**Excerpted records**
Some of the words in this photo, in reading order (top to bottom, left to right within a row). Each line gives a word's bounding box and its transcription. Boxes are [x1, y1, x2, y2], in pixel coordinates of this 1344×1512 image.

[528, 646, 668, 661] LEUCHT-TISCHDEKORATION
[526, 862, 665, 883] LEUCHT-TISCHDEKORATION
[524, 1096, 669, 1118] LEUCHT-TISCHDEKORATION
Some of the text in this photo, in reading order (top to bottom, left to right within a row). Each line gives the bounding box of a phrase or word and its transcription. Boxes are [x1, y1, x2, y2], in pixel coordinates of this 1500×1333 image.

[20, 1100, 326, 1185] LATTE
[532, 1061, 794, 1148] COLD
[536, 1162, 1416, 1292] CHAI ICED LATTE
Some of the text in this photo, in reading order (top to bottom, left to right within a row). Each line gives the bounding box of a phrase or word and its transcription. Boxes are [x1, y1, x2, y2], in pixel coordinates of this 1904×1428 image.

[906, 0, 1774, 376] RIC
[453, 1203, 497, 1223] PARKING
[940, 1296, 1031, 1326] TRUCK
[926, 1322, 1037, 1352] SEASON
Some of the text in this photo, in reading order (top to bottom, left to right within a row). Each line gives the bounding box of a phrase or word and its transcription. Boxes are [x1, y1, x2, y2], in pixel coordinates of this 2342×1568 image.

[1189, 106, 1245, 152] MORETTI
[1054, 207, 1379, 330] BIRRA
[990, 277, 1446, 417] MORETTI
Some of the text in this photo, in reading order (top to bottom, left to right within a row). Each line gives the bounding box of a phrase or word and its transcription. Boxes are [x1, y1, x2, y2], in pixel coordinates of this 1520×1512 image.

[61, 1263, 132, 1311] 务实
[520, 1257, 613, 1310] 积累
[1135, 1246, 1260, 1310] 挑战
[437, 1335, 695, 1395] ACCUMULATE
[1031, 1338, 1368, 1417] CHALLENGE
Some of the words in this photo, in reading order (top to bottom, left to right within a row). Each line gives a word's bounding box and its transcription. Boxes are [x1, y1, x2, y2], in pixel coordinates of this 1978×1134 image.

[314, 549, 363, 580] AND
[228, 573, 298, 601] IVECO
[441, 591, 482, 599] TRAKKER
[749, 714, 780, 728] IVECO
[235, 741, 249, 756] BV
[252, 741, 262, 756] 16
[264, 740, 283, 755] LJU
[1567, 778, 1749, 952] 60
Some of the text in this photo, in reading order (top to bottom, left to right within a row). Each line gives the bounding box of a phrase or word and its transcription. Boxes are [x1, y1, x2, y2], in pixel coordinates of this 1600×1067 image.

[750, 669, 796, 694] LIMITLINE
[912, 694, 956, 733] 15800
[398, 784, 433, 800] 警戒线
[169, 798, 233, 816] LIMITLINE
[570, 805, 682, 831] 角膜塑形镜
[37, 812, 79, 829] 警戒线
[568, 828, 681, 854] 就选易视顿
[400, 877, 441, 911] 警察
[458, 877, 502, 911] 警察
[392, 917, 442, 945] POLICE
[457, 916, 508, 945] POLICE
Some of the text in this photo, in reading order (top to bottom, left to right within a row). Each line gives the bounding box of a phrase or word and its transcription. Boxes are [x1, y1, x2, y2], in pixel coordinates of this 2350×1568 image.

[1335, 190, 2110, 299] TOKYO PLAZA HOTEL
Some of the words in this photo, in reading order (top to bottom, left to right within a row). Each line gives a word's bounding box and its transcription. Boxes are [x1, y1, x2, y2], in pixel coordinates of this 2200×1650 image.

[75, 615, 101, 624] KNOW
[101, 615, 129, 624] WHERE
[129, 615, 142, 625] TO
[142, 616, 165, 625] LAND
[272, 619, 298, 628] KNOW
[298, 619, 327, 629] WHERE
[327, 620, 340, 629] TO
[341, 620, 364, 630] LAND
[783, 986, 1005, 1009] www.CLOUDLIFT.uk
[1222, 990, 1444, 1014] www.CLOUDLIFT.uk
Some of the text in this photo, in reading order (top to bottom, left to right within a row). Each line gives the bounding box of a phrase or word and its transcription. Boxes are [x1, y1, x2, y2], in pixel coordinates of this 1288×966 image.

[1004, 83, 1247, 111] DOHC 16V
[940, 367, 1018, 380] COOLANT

**About this task**
Give back each line of the material above exactly as it appears.

**Exercise solution**
Some of the words in this photo, in reading order (top to bottom, left to right within a row). Each line gives a word's bounding box and its transcription. Boxes are [x1, y1, x2, y2], in pixel coordinates of this 1344×1512 image.

[528, 646, 668, 661] LEUCHT-TISCHDEKORATION
[526, 862, 665, 883] LEUCHT-TISCHDEKORATION
[524, 1096, 669, 1118] LEUCHT-TISCHDEKORATION
Some of the text in this photo, in reading order (top to bottom, left to right within a row). Each line gives the bounding box of a phrase or word and its transcription. Boxes are [x1, y1, x2, y2], in pixel coordinates of this 1500×1333 image.

[20, 1100, 326, 1185] LATTE
[532, 1061, 794, 1148] COLD
[536, 1162, 1416, 1292] CHAI ICED LATTE
Some of the text in this photo, in reading order (top to bottom, left to right within a row). Each line gives the bounding box of a phrase or word and its transcription. Boxes are [x1, y1, x2, y2], in pixel coordinates of this 1904×1428 image.

[906, 0, 1774, 376] RIC
[453, 1203, 497, 1223] PARKING
[940, 1296, 1031, 1326] TRUCK
[926, 1322, 1037, 1352] SEASON
Some of the text in this photo, in reading order (top to bottom, left to right within a row). Each line gives the bounding box of a phrase or word and its transcription. Boxes are [x1, y1, x2, y2], in pixel coordinates of this 2342×1568 image.

[1189, 106, 1245, 152] MORETTI
[1054, 207, 1379, 330] BIRRA
[990, 277, 1446, 417] MORETTI
Some of the text in this photo, in reading order (top to bottom, left to right within a row). Each line gives the bounding box of a phrase or word and its transcription. Boxes are [x1, y1, x2, y2], in pixel coordinates of this 1520×1512 image.

[61, 1263, 132, 1311] 务实
[520, 1257, 613, 1310] 积累
[1135, 1246, 1260, 1310] 挑战
[437, 1335, 695, 1395] ACCUMULATE
[1031, 1338, 1368, 1417] CHALLENGE
Some of the words in this photo, in reading order (top to bottom, left to right within a row). Each line gives a word's bounding box and its transcription. Boxes are [x1, y1, x2, y2], in pixel coordinates of this 1978×1134 image.

[314, 549, 363, 580] AND
[228, 573, 298, 601] IVECO
[441, 591, 482, 599] TRAKKER
[749, 714, 780, 728] IVECO
[235, 741, 249, 756] BV
[252, 741, 262, 756] 16
[264, 740, 283, 755] LJU
[1567, 778, 1749, 952] 60
Some of the text in this photo, in reading order (top to bottom, left to right within a row). Each line gives the bounding box of a phrase or word and its transcription. Boxes are [x1, y1, x2, y2], in pixel coordinates of this 1600×1067 image.

[750, 669, 796, 694] LIMITLINE
[912, 694, 956, 733] 15800
[398, 784, 433, 800] 警戒线
[169, 798, 233, 816] LIMITLINE
[570, 805, 682, 831] 角膜塑形镜
[37, 812, 79, 829] 警戒线
[568, 828, 681, 854] 就选易视顿
[400, 877, 441, 911] 警察
[458, 877, 502, 911] 警察
[392, 917, 442, 945] POLICE
[457, 916, 508, 945] POLICE
Some of the text in this photo, in reading order (top to bottom, left to right within a row). Each line gives the bounding box of a phrase or word and its transcription. Boxes are [x1, y1, x2, y2], in pixel coordinates of this 2350×1568 image.

[1335, 190, 2110, 299] TOKYO PLAZA HOTEL
Some of the words in this photo, in reading order (top to bottom, left to right within a row). Each line gives a word's bounding box and its transcription. Boxes are [x1, y1, x2, y2], in pixel coordinates of this 2200×1650 image.

[75, 615, 101, 624] KNOW
[101, 615, 129, 624] WHERE
[129, 615, 142, 625] TO
[142, 616, 165, 625] LAND
[272, 619, 298, 628] KNOW
[298, 619, 327, 629] WHERE
[327, 620, 340, 629] TO
[341, 620, 364, 630] LAND
[783, 986, 1005, 1009] www.CLOUDLIFT.uk
[1222, 990, 1444, 1014] www.CLOUDLIFT.uk
Some of the text in this photo, in reading order (top to bottom, left to right within a row). Each line gives the bounding box of a phrase or word and its transcription. Boxes are [x1, y1, x2, y2], in pixel coordinates of this 1288×966 image.

[1004, 83, 1247, 111] DOHC 16V
[940, 367, 1018, 380] COOLANT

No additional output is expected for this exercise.